The inadequacies of the Paris agreement were acknowledged by
environmentalists at the time it was signed, though some are changing their tune,
in order to stand steadfastly against Trump. Back in 2015, the noted
environmentalist Bill McKibben concluded that the accord did just enough “to
keep both environmentalists and the fossil fuel industry from complaining too
much.” Now, he fears the withdrawal “undercuts our civilization’s chances of
surviving global warming.”
There is nothing new in the politicization of climate policy or the over-selling of a
political agreement.
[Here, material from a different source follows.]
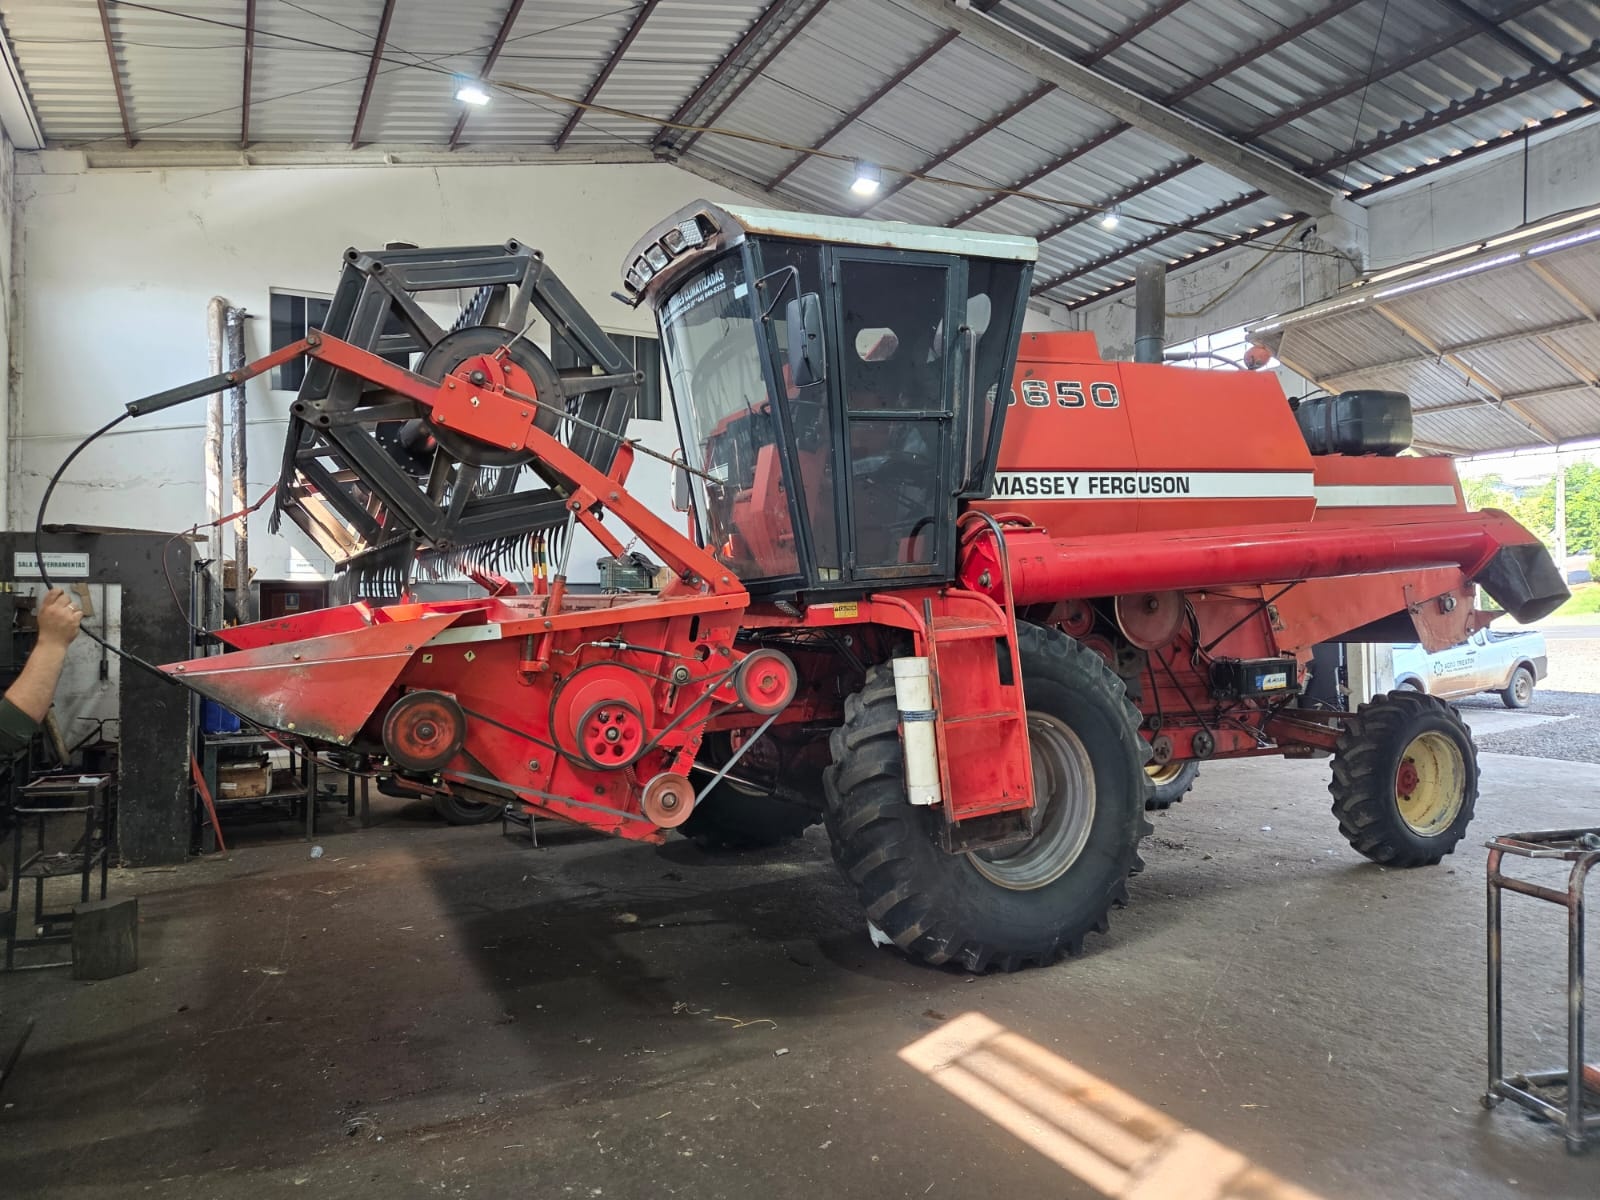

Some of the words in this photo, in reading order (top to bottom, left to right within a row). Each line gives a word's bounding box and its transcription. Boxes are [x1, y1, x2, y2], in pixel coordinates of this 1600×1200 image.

[684, 268, 724, 301] CLIMATIZADAS
[991, 476, 1079, 495] MASSEY
[1088, 476, 1190, 494] FERGUSON
But the deeper problem is that a lot of puffery about the state
of renewable energy has accompanied the Paris hype.
This, too, is not new. “A largely or wholly solar economy can be constructed in
the United States with straightforward soft technologies that are now
demonstrated and now economic or nearly economic,” environmentalist Amory
Lovins declared in 1976. In 1984, the Worldwatch Institute assured us that wind
subsidies “will not be needed within a few years.”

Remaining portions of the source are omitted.